Think of learning pressure as performance anxiety. When we are extremely anxious about our performance, it interferes with our functioning on goal-directed tasks. Hence, a student may go blank on a test, or a ballplayer (I'll leave out the Boston jokes) might drop an easy ground ball. There are some very good implications for marital therapy here.

When people come in for marital therapy they are in a state of crisis. Usually, they are saying to each other, "If you don't change, I'm leaving." But one of the most complex tasks I know is getting along with other people, especially a spouse. So, the overall goal in marital therapy is to improve how they relate to their spouse, but they are trying to do so under a state of extreme performance anxiety. No wonder marital therapy fails all too often.

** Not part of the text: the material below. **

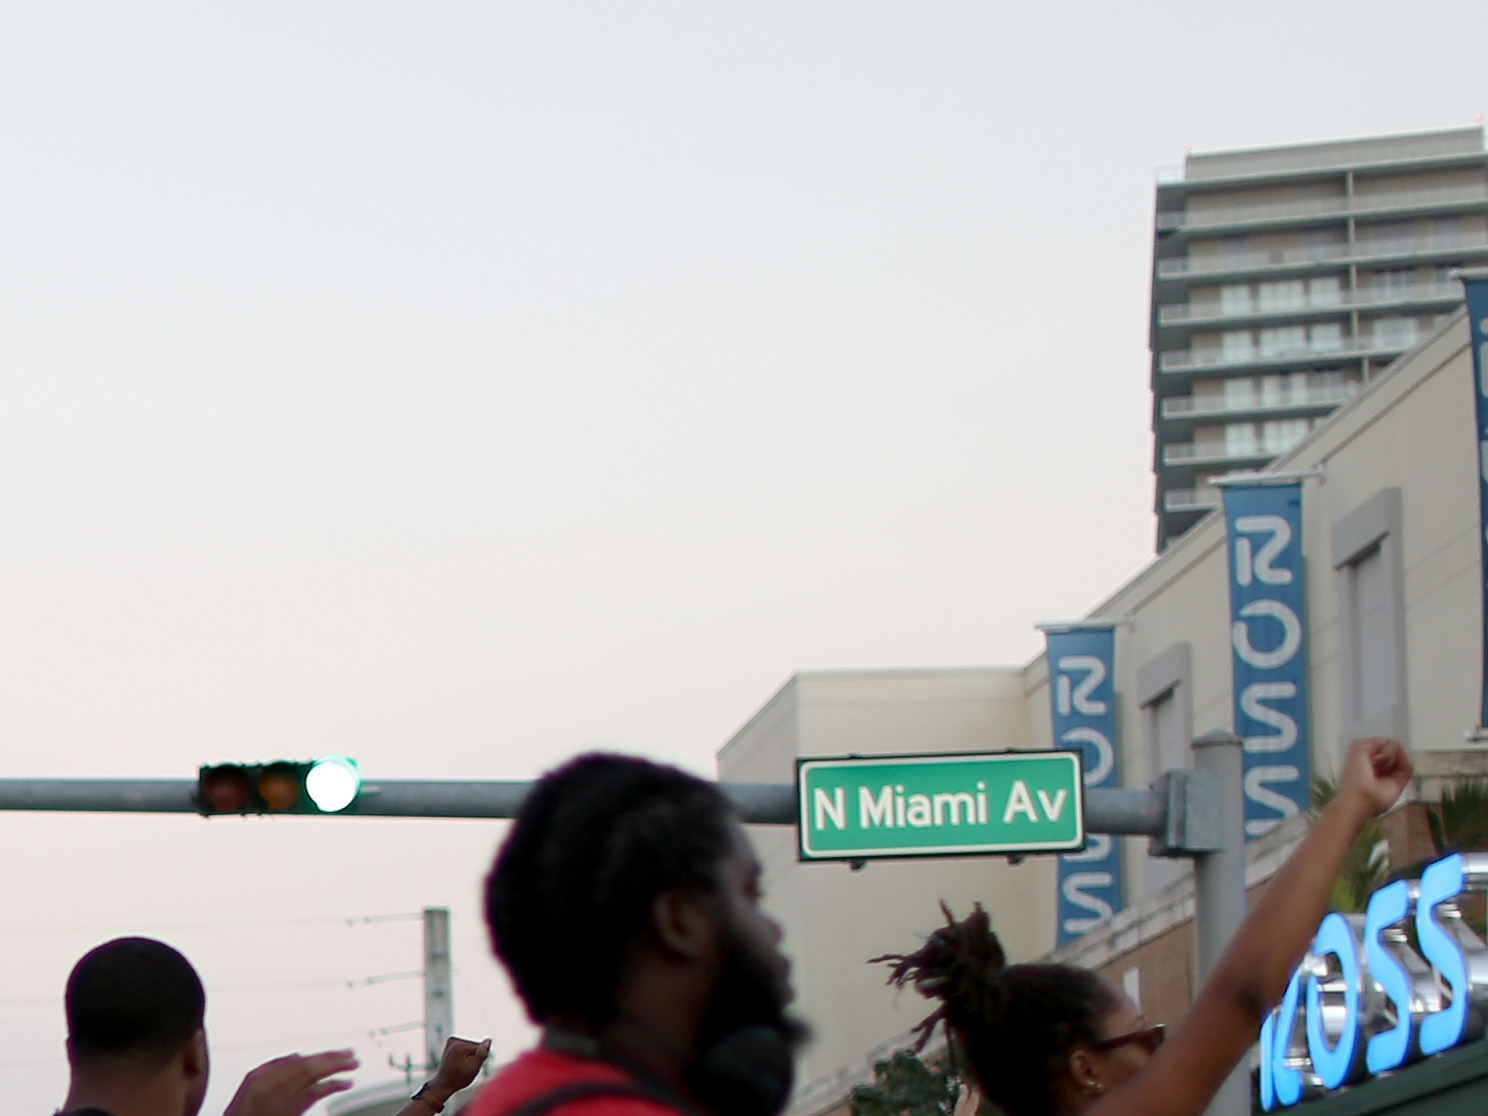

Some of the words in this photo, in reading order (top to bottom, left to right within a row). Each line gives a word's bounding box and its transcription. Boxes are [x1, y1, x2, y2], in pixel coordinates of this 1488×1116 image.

[1231, 514, 1302, 836] ROSS
[813, 786, 846, 831] N
[858, 781, 988, 829] Miami
[1002, 779, 1068, 824] Av

Most of my clients don't have a learning orientation. Some have a performance orientation. Others have neither; they just kinda go along with life with very few goals (sometimes I envy them). The key point is that in marital therapy, there is a very high level of learning pressure.
So, the trick is to reduce the performance anxiety and increase the learning orientation. Here's my idea. I'll begin by saying:

In marital therapy our overall goal is to learn new ways of relating to each other. This is a difficult proposition. You only learn by trying, sometimes failing, and sometimes succeeding. Therapy can only work if you make it easy for the other person to try and to fail. Both of you will have to learn to tolerate each other's failures, without berating or attacking the other.

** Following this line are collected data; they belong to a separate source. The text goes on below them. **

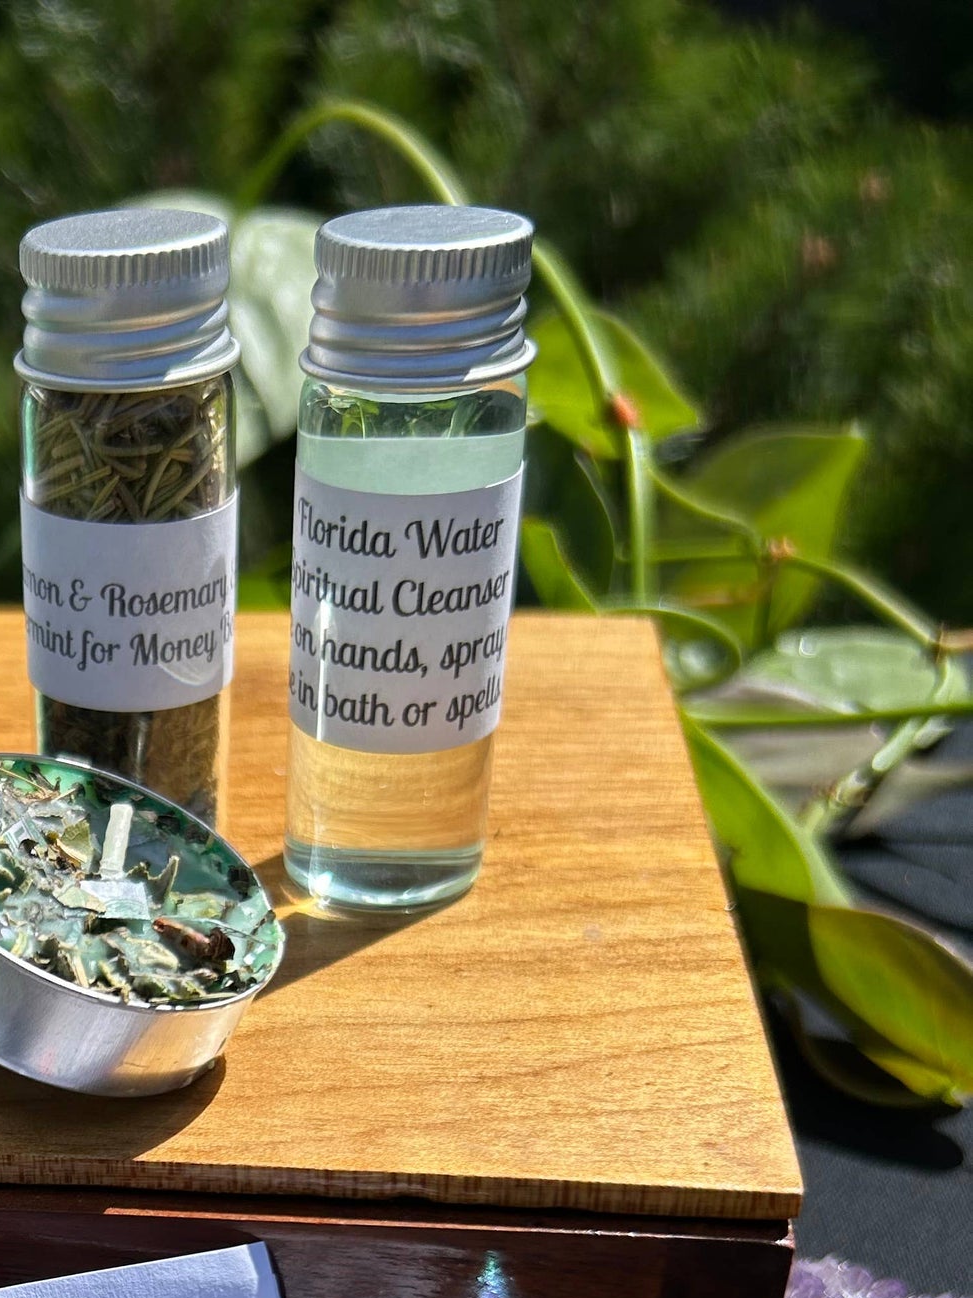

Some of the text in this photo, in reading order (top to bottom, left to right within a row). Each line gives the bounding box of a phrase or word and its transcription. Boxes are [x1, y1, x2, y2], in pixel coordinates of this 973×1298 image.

[298, 497, 505, 558] Florida Water
[69, 579, 92, 612] &
[100, 574, 227, 618] Rosemary
[392, 570, 509, 617] Cleanser
[77, 630, 120, 672] for
[130, 629, 217, 666] Money
[295, 622, 316, 656] on
[322, 629, 428, 678] hands,
[299, 670, 318, 711] in
[325, 684, 395, 727] bath
[402, 700, 437, 727] or

A lot of times one spouse is fed up. I expect that one person will object, saying, "I'm sick of being patient. If I let up on him/her, he/she won't change!" So, to show them the importance of reducing performance anxiety, I'll have the angry spouse do serial sevens while I badger them with, "Hurry up! If you don't get this right, I won't treat you, and your marriage is going to fail. It'll be all your fault because you couldn't do simple arithmetic. Come on! This is easy!" If I can get them laughing about this, it'll make the point. Setting a learning orientation and keeping the performance anxiety down should go a long way towards improving therapy. This will prove to be an interesting experiment.


Locke, E. A., Latham, G. P. (2006). New directions in goal-setting theory. Current Directions in Psychological Science, 15, 265-268.

Seijts, G.H., Latham, G.P., Tasa, K., & Latham, B.W. (2004). Goal setting and goal orientation: An integration of two different yet related literatures. Academy of Management Journal, 47, 227–239.